START RECORDS SUPPLIED
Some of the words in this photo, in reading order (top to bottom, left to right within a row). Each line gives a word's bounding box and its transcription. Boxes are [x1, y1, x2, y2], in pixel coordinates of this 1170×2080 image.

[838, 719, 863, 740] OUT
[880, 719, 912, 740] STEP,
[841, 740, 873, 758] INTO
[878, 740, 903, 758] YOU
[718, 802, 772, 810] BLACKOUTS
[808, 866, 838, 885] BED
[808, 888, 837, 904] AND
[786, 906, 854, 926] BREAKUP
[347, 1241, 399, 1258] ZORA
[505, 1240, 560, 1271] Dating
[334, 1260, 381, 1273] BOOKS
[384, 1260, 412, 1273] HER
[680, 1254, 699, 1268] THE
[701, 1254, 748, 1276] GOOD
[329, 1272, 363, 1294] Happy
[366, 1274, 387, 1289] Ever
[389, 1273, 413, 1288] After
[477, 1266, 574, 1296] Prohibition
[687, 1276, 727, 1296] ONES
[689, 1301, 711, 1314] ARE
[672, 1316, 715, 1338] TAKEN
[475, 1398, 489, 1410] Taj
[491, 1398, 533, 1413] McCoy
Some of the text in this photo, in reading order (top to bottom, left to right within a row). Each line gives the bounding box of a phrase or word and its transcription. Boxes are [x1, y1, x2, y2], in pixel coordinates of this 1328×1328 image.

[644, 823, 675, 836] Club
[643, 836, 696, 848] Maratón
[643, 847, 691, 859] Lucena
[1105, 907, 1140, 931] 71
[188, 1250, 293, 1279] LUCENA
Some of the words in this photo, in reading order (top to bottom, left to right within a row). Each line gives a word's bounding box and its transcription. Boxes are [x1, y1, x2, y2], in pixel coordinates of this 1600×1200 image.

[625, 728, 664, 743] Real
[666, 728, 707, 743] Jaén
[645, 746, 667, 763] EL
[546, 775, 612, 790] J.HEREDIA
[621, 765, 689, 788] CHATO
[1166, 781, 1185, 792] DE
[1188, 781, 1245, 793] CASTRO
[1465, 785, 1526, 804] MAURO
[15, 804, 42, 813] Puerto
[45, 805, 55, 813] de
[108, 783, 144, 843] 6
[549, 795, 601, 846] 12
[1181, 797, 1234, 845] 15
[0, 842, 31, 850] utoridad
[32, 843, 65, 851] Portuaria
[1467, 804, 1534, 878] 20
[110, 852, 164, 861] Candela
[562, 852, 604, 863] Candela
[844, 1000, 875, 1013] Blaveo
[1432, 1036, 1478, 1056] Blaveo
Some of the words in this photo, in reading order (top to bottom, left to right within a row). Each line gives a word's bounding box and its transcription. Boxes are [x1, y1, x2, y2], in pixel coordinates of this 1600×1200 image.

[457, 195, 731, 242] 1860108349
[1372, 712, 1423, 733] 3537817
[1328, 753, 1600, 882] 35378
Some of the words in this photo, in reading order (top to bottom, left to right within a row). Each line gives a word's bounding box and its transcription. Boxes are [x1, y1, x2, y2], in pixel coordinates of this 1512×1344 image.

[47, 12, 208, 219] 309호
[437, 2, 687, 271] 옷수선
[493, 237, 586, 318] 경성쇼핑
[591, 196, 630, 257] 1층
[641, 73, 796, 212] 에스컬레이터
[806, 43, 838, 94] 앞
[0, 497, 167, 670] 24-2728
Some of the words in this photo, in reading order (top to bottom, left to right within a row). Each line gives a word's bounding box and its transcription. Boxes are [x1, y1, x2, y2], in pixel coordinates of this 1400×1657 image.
END RECORDS SUPPLIED
Repeat every record above. Each one must match exactly.

OUTPUT FOR THIS TASK
Some of the words in this photo, in reading order (top to bottom, left to right within a row). Each line gives a word's bounding box and its transcription. Boxes are [x1, y1, x2, y2], in pixel coordinates of this 1170×2080 image.

[838, 719, 863, 740] OUT
[880, 719, 912, 740] STEP,
[841, 740, 873, 758] INTO
[878, 740, 903, 758] YOU
[718, 802, 772, 810] BLACKOUTS
[808, 866, 838, 885] BED
[808, 888, 837, 904] AND
[786, 906, 854, 926] BREAKUP
[347, 1241, 399, 1258] ZORA
[505, 1240, 560, 1271] Dating
[334, 1260, 381, 1273] BOOKS
[384, 1260, 412, 1273] HER
[680, 1254, 699, 1268] THE
[701, 1254, 748, 1276] GOOD
[329, 1272, 363, 1294] Happy
[366, 1274, 387, 1289] Ever
[389, 1273, 413, 1288] After
[477, 1266, 574, 1296] Prohibition
[687, 1276, 727, 1296] ONES
[689, 1301, 711, 1314] ARE
[672, 1316, 715, 1338] TAKEN
[475, 1398, 489, 1410] Taj
[491, 1398, 533, 1413] McCoy
Some of the text in this photo, in reading order (top to bottom, left to right within a row). Each line gives the bounding box of a phrase or word and its transcription. Boxes are [x1, y1, x2, y2], in pixel coordinates of this 1328×1328 image.

[644, 823, 675, 836] Club
[643, 836, 696, 848] Maratón
[643, 847, 691, 859] Lucena
[1105, 907, 1140, 931] 71
[188, 1250, 293, 1279] LUCENA
Some of the words in this photo, in reading order (top to bottom, left to right within a row). Each line gives a word's bounding box and its transcription. Boxes are [x1, y1, x2, y2], in pixel coordinates of this 1600×1200 image.

[625, 728, 664, 743] Real
[666, 728, 707, 743] Jaén
[645, 746, 667, 763] EL
[546, 775, 612, 790] J.HEREDIA
[621, 765, 689, 788] CHATO
[1166, 781, 1185, 792] DE
[1188, 781, 1245, 793] CASTRO
[1465, 785, 1526, 804] MAURO
[15, 804, 42, 813] Puerto
[45, 805, 55, 813] de
[108, 783, 144, 843] 6
[549, 795, 601, 846] 12
[1181, 797, 1234, 845] 15
[0, 842, 31, 850] utoridad
[32, 843, 65, 851] Portuaria
[1467, 804, 1534, 878] 20
[110, 852, 164, 861] Candela
[562, 852, 604, 863] Candela
[844, 1000, 875, 1013] Blaveo
[1432, 1036, 1478, 1056] Blaveo
Some of the words in this photo, in reading order (top to bottom, left to right within a row). Each line gives a word's bounding box and its transcription. Boxes are [x1, y1, x2, y2], in pixel coordinates of this 1600×1200 image.

[457, 195, 731, 242] 1860108349
[1372, 712, 1423, 733] 3537817
[1328, 753, 1600, 882] 35378
Some of the words in this photo, in reading order (top to bottom, left to right within a row). Each line gives a word's bounding box and its transcription. Boxes are [x1, y1, x2, y2], in pixel coordinates of this 1512×1344 image.

[47, 12, 208, 219] 309호
[437, 2, 687, 271] 옷수선
[493, 237, 586, 318] 경성쇼핑
[591, 196, 630, 257] 1층
[641, 73, 796, 212] 에스컬레이터
[806, 43, 838, 94] 앞
[0, 497, 167, 670] 24-2728
Some of the words in this photo, in reading order (top to bottom, left to right within a row). Each line gives a word's bounding box and its transcription. Boxes are [x1, y1, x2, y2], in pixel coordinates of this 1400×1657 image.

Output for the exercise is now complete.